- _BRIEF_: Please retype the records below exactly as they appear, leaving out every picture.

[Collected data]
----

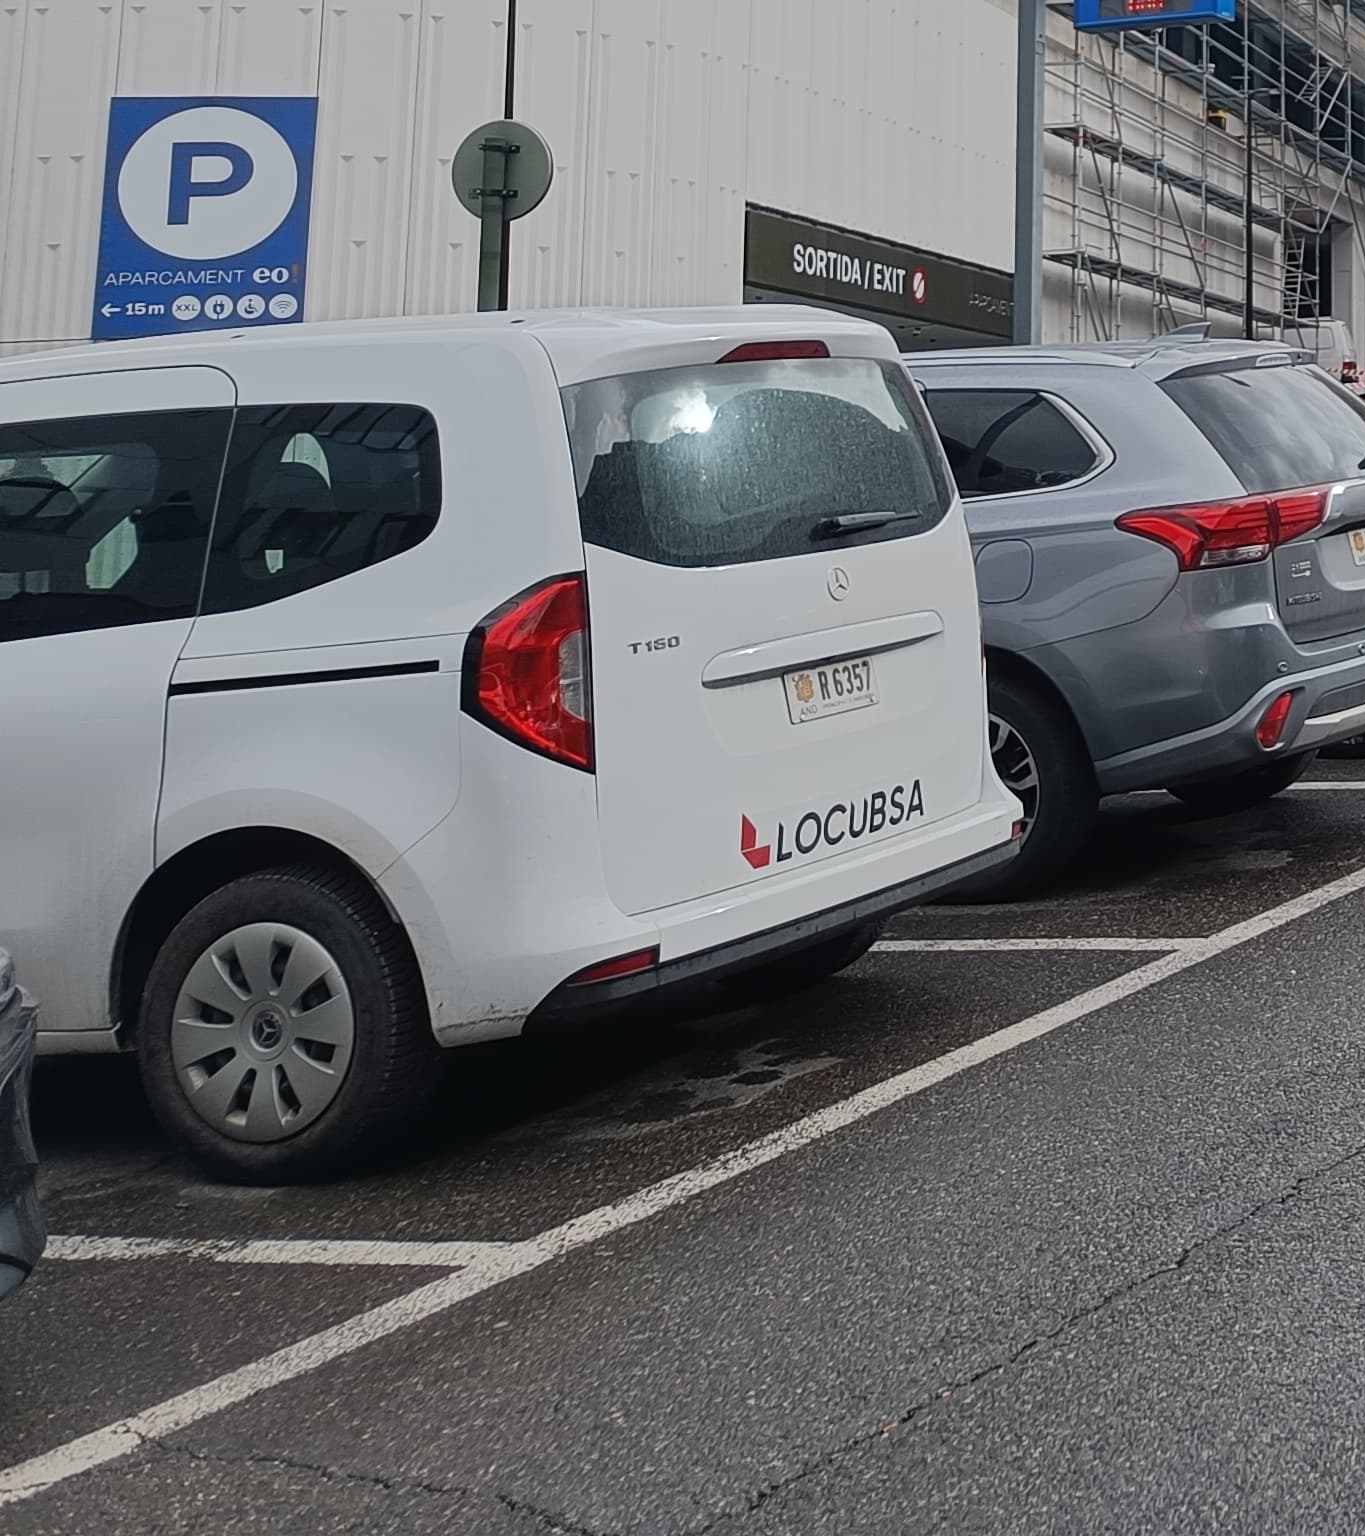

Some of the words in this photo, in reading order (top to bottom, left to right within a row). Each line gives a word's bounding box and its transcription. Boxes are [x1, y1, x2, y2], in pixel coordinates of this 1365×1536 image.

[166, 141, 255, 226] P
[103, 269, 246, 287] APARCAMENT
[793, 243, 862, 287] SORTIDA
[873, 264, 906, 295] EXIT
[174, 303, 198, 313] XXL
[776, 778, 925, 864] LOCUBSA
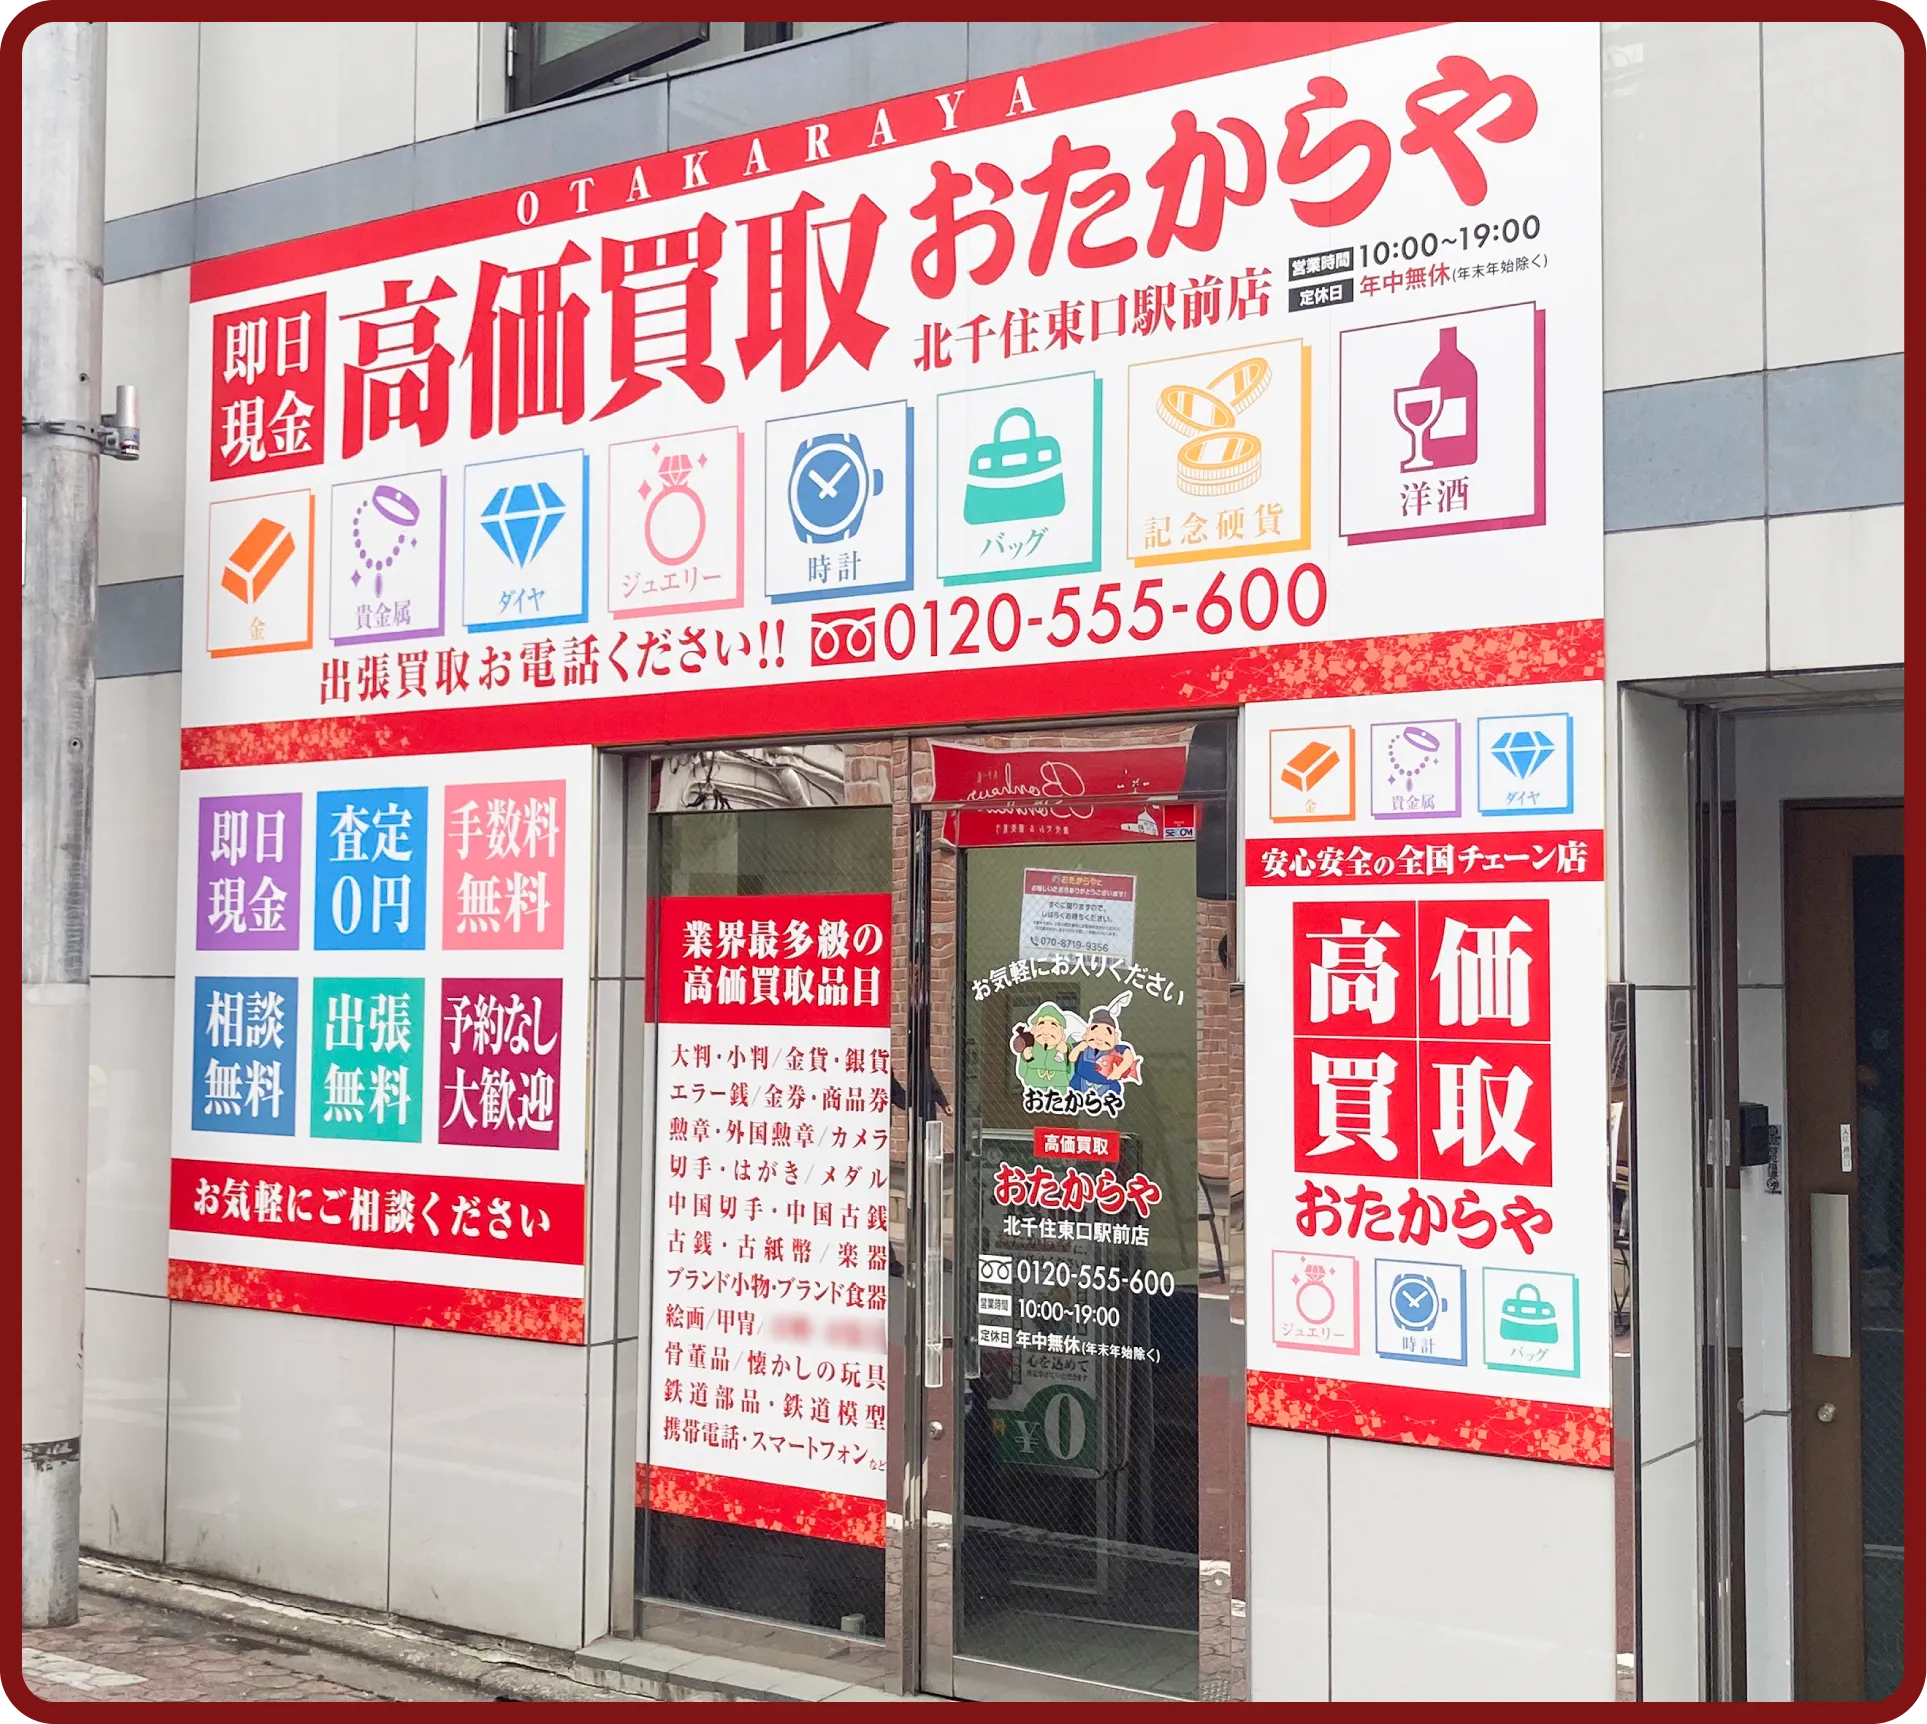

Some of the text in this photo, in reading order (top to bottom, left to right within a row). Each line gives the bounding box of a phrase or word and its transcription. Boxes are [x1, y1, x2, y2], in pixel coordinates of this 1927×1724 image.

[516, 76, 1038, 226] OTAKARAYA
[910, 55, 1539, 300] おたからや
[1291, 215, 1541, 277] 営業時間 10:00~19:00
[913, 268, 1272, 371] 北千住東口駅前店
[1300, 285, 1342, 307] 定休日
[222, 310, 313, 386] 即日
[338, 190, 890, 460] 高価買取
[220, 389, 316, 467] 現金
[1399, 476, 1469, 517] 洋酒
[978, 528, 1047, 560] バッグ
[1144, 503, 1286, 550] 記念硬貨
[621, 566, 722, 599] ジュエリー
[807, 550, 862, 583] 時計
[355, 600, 412, 630] 貴金属
[498, 590, 545, 615] ダイヤ
[246, 615, 266, 641] 金
[320, 563, 1327, 705] 出張買取お電話ください!! 0120-555-600
[1304, 799, 1318, 813] 金
[1391, 794, 1435, 811] 貴金属
[1505, 791, 1541, 806] ダイヤ
[210, 809, 285, 866] 即日
[329, 802, 414, 863] 査定
[448, 797, 560, 861] 手数料
[1165, 828, 1193, 837] SECOM
[1261, 840, 1588, 879] 安心安全の全国チェーン店
[208, 876, 288, 933] 現金
[332, 874, 412, 935] 0円
[456, 871, 551, 933] 無料
[682, 919, 884, 959] 業界最多級の
[1040, 936, 1109, 953] 070-8719-9356
[683, 965, 880, 1007] 高価買取品目
[971, 953, 1185, 1006] お気軽にお入りください
[1305, 915, 1534, 1027] 高価
[206, 990, 285, 1048] 相談
[325, 992, 412, 1053] 出張
[443, 993, 558, 1056] 予約なし
[203, 1058, 284, 1118] 無料
[323, 1063, 410, 1125] 無料
[442, 1067, 554, 1132] 大歓迎
[1023, 1088, 1125, 1118] おたからや
[1305, 1051, 1536, 1167] 買取
[1044, 1134, 1109, 1155] 高価買取
[193, 1176, 551, 1240] お気軽にご相談ください
[993, 1161, 1162, 1218] おたからや
[1003, 1215, 1149, 1247] 北千住東口駅前店
[1295, 1179, 1553, 1255] おたからや
[1017, 1258, 1175, 1297] 0120-555-600
[980, 1329, 1010, 1344] 定休日
[1018, 1298, 1120, 1327] 10:00~19:00
[1282, 1322, 1346, 1340] ジュエリー
[1402, 1335, 1436, 1354] 時計
[1509, 1347, 1550, 1363] バッグ
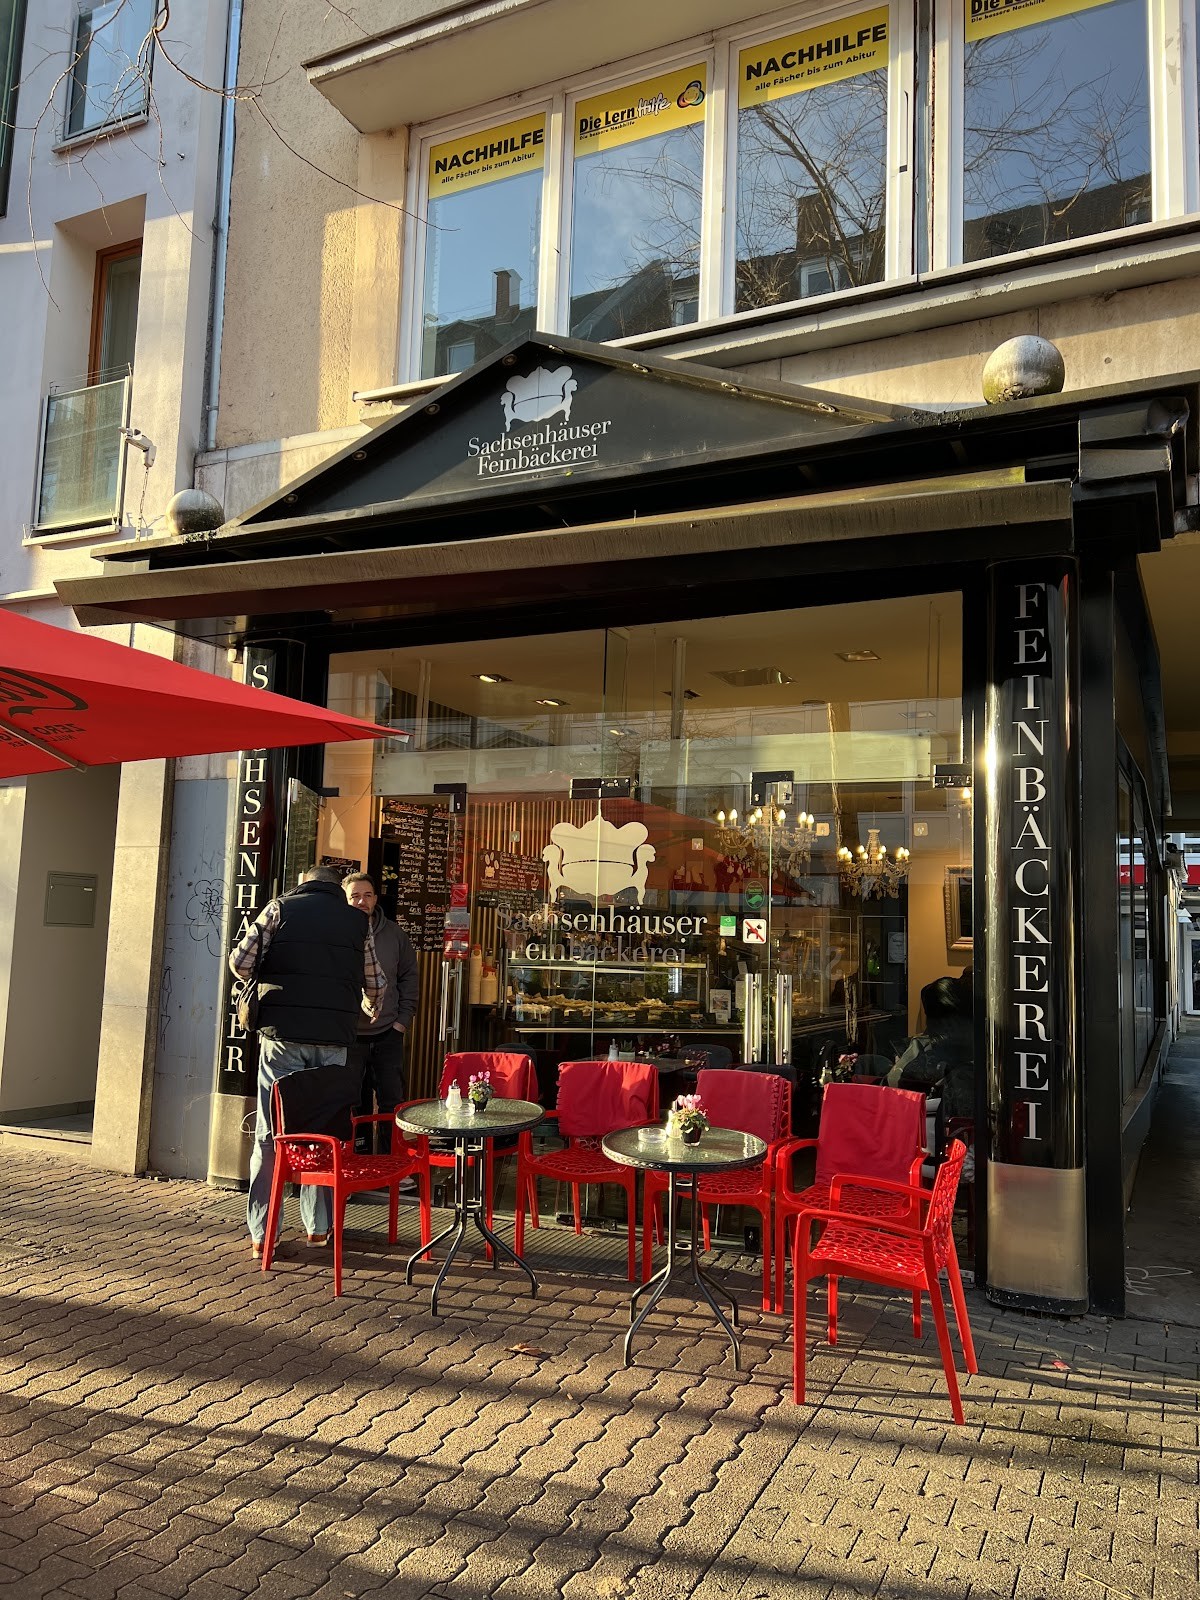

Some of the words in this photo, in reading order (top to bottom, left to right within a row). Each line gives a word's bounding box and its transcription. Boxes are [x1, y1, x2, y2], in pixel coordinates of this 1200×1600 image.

----

- _FINISHED TASK_:
Some of the words in this photo, in reading order (top to bottom, left to right within a row). Each line gives a word's bounding box and its transcription. Boxes are [x1, y1, x2, y2], in pixel coordinates of this 1365×1536 image.

[166, 141, 255, 226] P
[103, 269, 246, 287] APARCAMENT
[793, 243, 862, 287] SORTIDA
[873, 264, 906, 295] EXIT
[174, 303, 198, 313] XXL
[776, 778, 925, 864] LOCUBSA

Some of the text in this photo, in reading order (top to bottom, left to right within a row). Each line gives the bounding box of a phrase or word and its transcription. Boxes are [x1, y1, x2, y2], in pixel coordinates of this 1927×1724 image.

[516, 76, 1038, 226] OTAKARAYA
[910, 55, 1539, 300] おたからや
[1291, 215, 1541, 277] 営業時間 10:00~19:00
[913, 268, 1272, 371] 北千住東口駅前店
[1300, 285, 1342, 307] 定休日
[222, 310, 313, 386] 即日
[338, 190, 890, 460] 高価買取
[220, 389, 316, 467] 現金
[1399, 476, 1469, 517] 洋酒
[978, 528, 1047, 560] バッグ
[1144, 503, 1286, 550] 記念硬貨
[621, 566, 722, 599] ジュエリー
[807, 550, 862, 583] 時計
[355, 600, 412, 630] 貴金属
[498, 590, 545, 615] ダイヤ
[246, 615, 266, 641] 金
[320, 563, 1327, 705] 出張買取お電話ください!! 0120-555-600
[1304, 799, 1318, 813] 金
[1391, 794, 1435, 811] 貴金属
[1505, 791, 1541, 806] ダイヤ
[210, 809, 285, 866] 即日
[329, 802, 414, 863] 査定
[448, 797, 560, 861] 手数料
[1165, 828, 1193, 837] SECOM
[1261, 840, 1588, 879] 安心安全の全国チェーン店
[208, 876, 288, 933] 現金
[332, 874, 412, 935] 0円
[456, 871, 551, 933] 無料
[682, 919, 884, 959] 業界最多級の
[1040, 936, 1109, 953] 070-8719-9356
[683, 965, 880, 1007] 高価買取品目
[971, 953, 1185, 1006] お気軽にお入りください
[1305, 915, 1534, 1027] 高価
[206, 990, 285, 1048] 相談
[325, 992, 412, 1053] 出張
[443, 993, 558, 1056] 予約なし
[203, 1058, 284, 1118] 無料
[323, 1063, 410, 1125] 無料
[442, 1067, 554, 1132] 大歓迎
[1023, 1088, 1125, 1118] おたからや
[1305, 1051, 1536, 1167] 買取
[1044, 1134, 1109, 1155] 高価買取
[193, 1176, 551, 1240] お気軽にご相談ください
[993, 1161, 1162, 1218] おたからや
[1003, 1215, 1149, 1247] 北千住東口駅前店
[1295, 1179, 1553, 1255] おたからや
[1017, 1258, 1175, 1297] 0120-555-600
[980, 1329, 1010, 1344] 定休日
[1018, 1298, 1120, 1327] 10:00~19:00
[1282, 1322, 1346, 1340] ジュエリー
[1402, 1335, 1436, 1354] 時計
[1509, 1347, 1550, 1363] バッグ

Some of the words in this photo, in reading order (top to bottom, left to right within a row). Each line gives a word's bounding box and its transcription. Boxes are [x1, y1, x2, y2], in pixel coordinates of this 1200×1600 image.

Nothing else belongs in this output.